(Free-text object descriptions)
((
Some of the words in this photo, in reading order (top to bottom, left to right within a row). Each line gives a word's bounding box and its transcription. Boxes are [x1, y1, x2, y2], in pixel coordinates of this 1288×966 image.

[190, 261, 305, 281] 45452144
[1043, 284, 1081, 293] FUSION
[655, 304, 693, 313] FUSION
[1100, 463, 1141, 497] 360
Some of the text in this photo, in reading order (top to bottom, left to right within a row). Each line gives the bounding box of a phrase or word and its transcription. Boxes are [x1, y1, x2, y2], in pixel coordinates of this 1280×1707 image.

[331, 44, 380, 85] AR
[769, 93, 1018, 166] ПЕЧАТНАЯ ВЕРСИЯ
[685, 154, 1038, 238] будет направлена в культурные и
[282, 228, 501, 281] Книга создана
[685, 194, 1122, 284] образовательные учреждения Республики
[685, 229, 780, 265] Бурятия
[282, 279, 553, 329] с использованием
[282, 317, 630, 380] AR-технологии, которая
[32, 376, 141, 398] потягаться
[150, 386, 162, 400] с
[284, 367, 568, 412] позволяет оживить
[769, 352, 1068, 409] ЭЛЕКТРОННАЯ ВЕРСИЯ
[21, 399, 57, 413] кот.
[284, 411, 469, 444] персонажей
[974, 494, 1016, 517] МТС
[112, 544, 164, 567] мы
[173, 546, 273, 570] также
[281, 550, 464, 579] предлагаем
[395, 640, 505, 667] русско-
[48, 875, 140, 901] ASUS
))
*Your instructions*.
Reproduce, word for word, the lines of the data from the one that contains "Some of the text" to the end, both ends included.

*Answer box*.
Some of the text in this photo, in reading order (top to bottom, left to right within a row). Each line gives the bounding box of a phrase or word and its transcription. Boxes are [x1, y1, x2, y2], in pixel coordinates of this 1280×1707 image.

[331, 44, 380, 85] AR
[769, 93, 1018, 166] ПЕЧАТНАЯ ВЕРСИЯ
[685, 154, 1038, 238] будет направлена в культурные и
[282, 228, 501, 281] Книга создана
[685, 194, 1122, 284] образовательные учреждения Республики
[685, 229, 780, 265] Бурятия
[282, 279, 553, 329] с использованием
[282, 317, 630, 380] AR-технологии, которая
[32, 376, 141, 398] потягаться
[150, 386, 162, 400] с
[284, 367, 568, 412] позволяет оживить
[769, 352, 1068, 409] ЭЛЕКТРОННАЯ ВЕРСИЯ
[21, 399, 57, 413] кот.
[284, 411, 469, 444] персонажей
[974, 494, 1016, 517] МТС
[112, 544, 164, 567] мы
[173, 546, 273, 570] также
[281, 550, 464, 579] предлагаем
[395, 640, 505, 667] русско-
[48, 875, 140, 901] ASUS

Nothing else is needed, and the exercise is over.